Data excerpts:
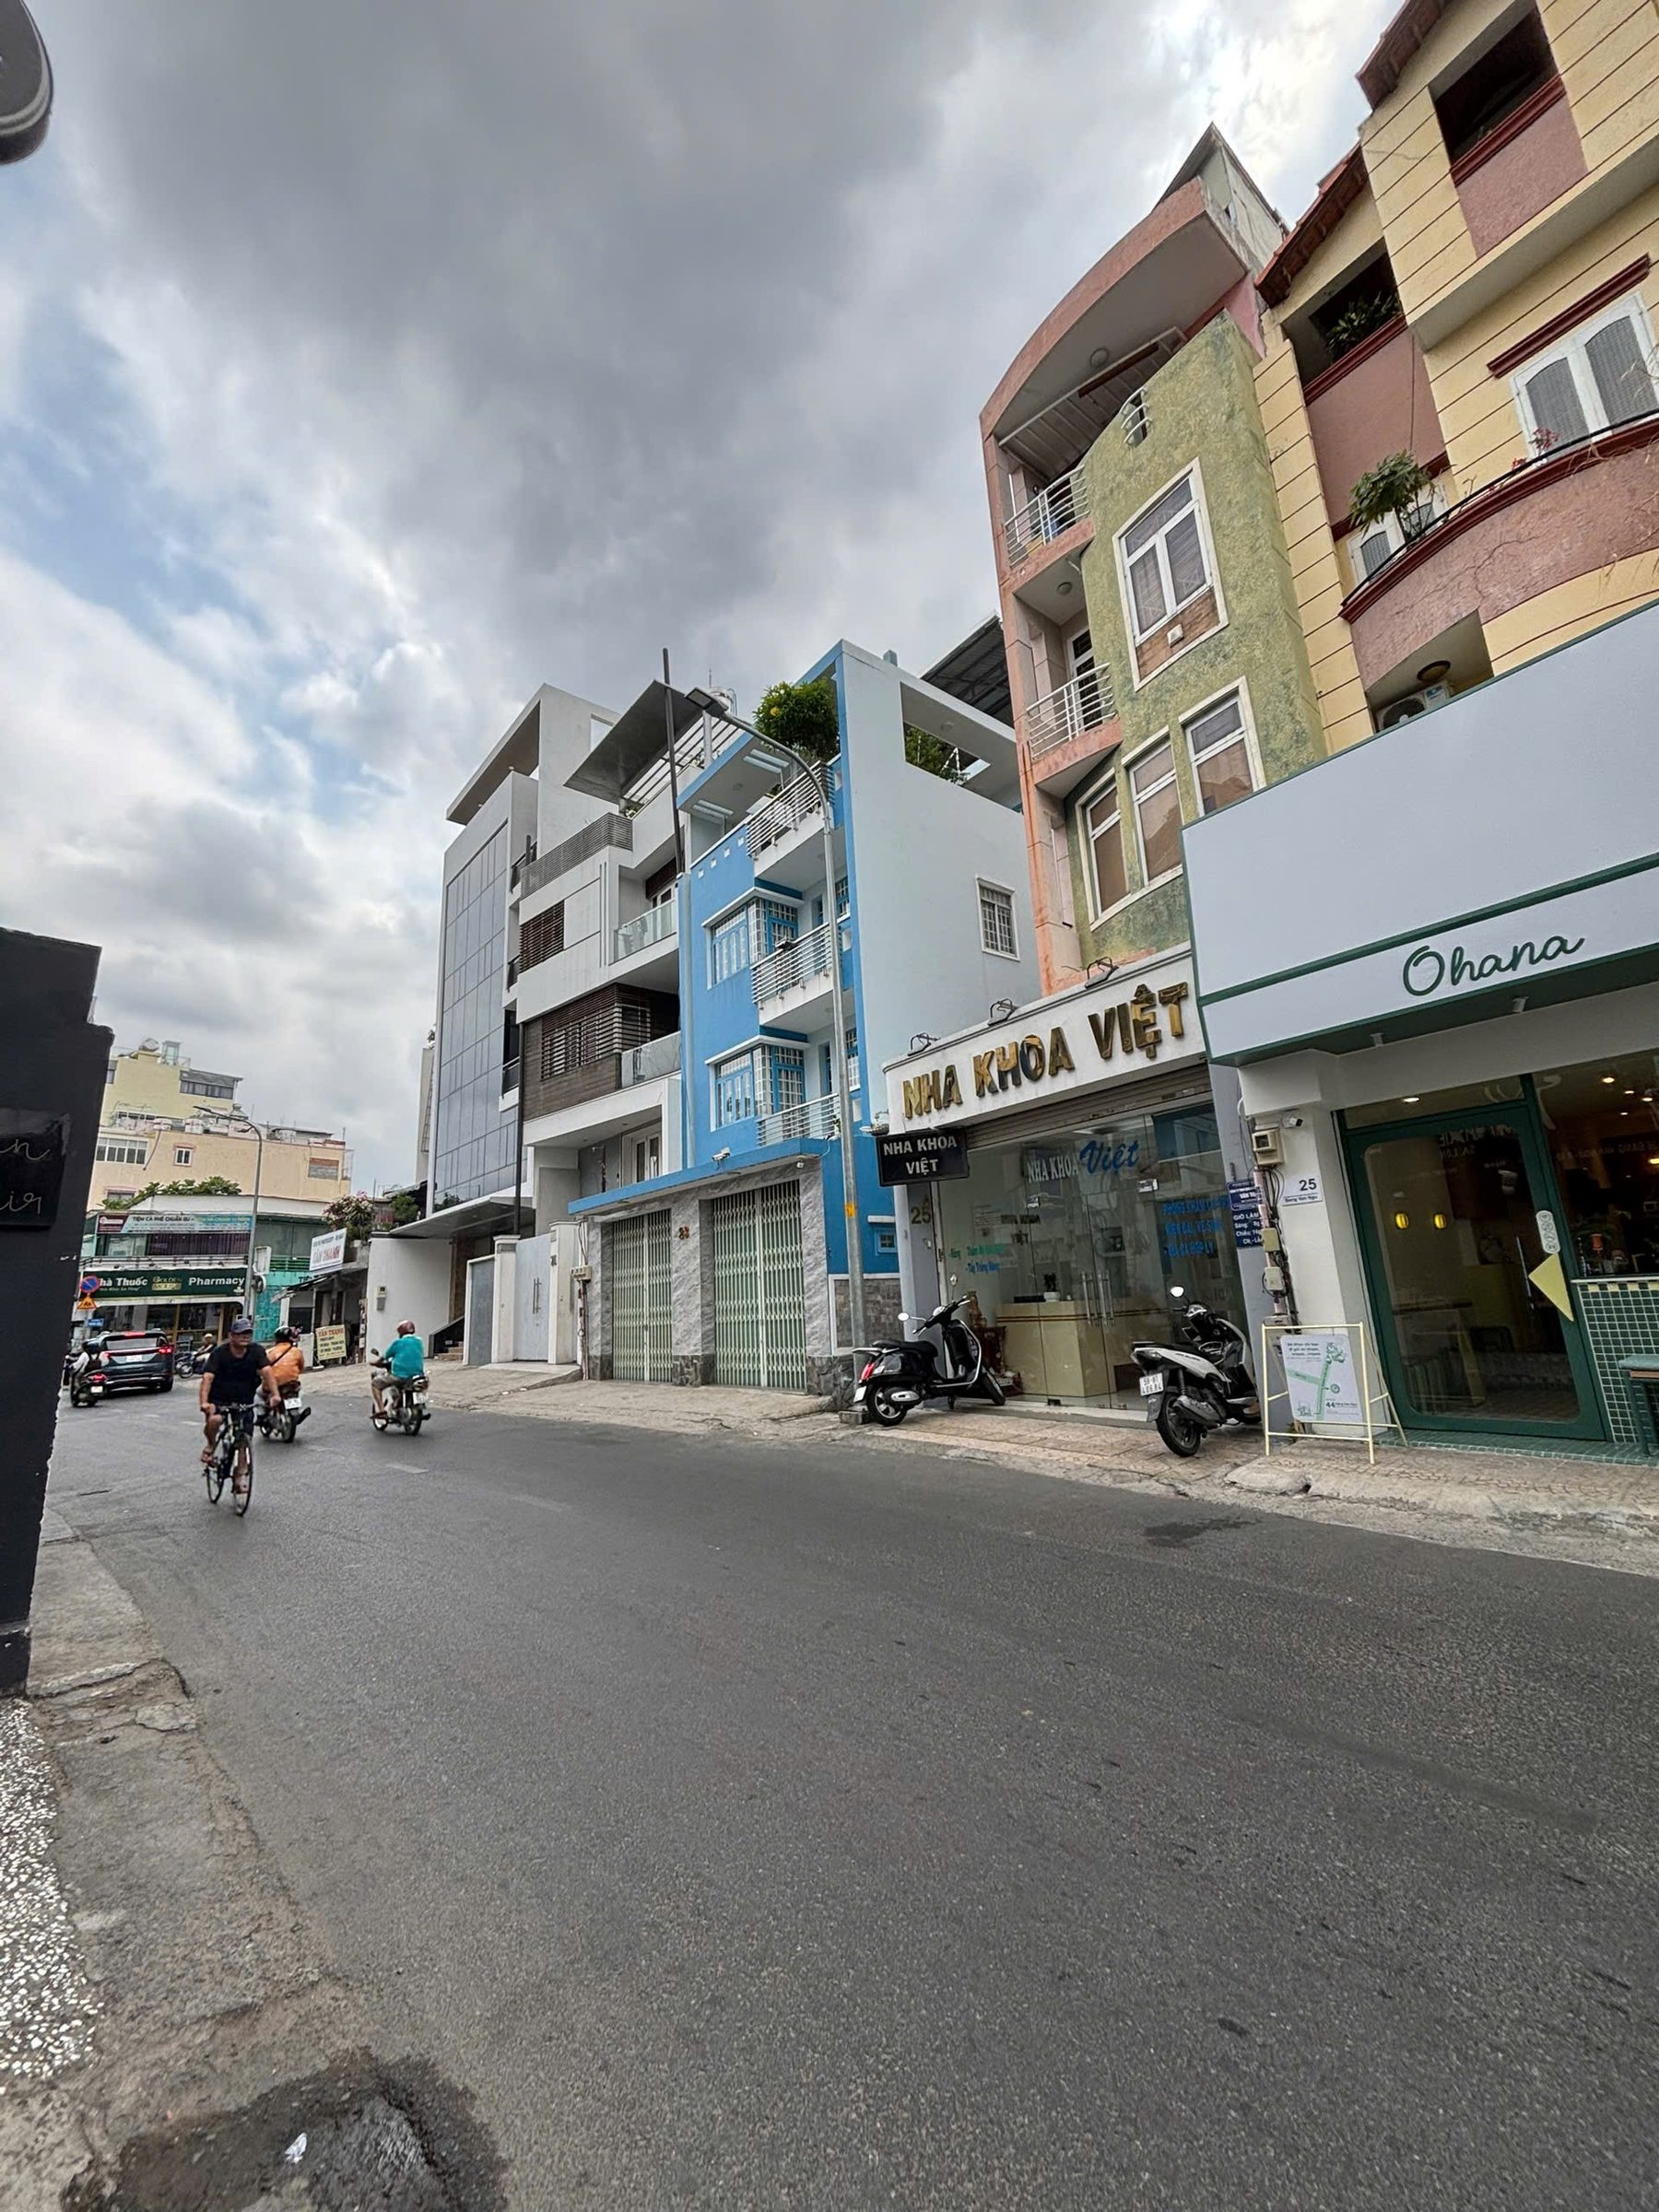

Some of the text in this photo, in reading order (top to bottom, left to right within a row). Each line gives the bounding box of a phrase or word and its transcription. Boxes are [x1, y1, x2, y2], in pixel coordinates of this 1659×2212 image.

[1403, 935, 1585, 996] Ohana
[902, 982, 1189, 1120] NHA KHOA VIỆT
[883, 1135, 958, 1155] NHA KHOA
[906, 1157, 938, 1175] VIỆT
[1027, 1140, 1139, 1182] NHA KHOA Việt
[1300, 1179, 1318, 1192] 25
[911, 1206, 931, 1225] 25
[99, 1276, 148, 1287] hà Thuốc
[188, 1276, 245, 1287] Pharmacy

> Task prompt:
Transcribe the data verbatim. No picture belongs in the result.

> Answer to this problem:
Some of the text in this photo, in reading order (top to bottom, left to right within a row). Each line gives the bounding box of a phrase or word and its transcription. Boxes are [x1, y1, x2, y2], in pixel coordinates of this 1659×2212 image.

[1403, 935, 1585, 996] Ohana
[902, 982, 1189, 1120] NHA KHOA VIỆT
[883, 1135, 958, 1155] NHA KHOA
[906, 1157, 938, 1175] VIỆT
[1027, 1140, 1139, 1182] NHA KHOA Việt
[1300, 1179, 1318, 1192] 25
[911, 1206, 931, 1225] 25
[99, 1276, 148, 1287] hà Thuốc
[188, 1276, 245, 1287] Pharmacy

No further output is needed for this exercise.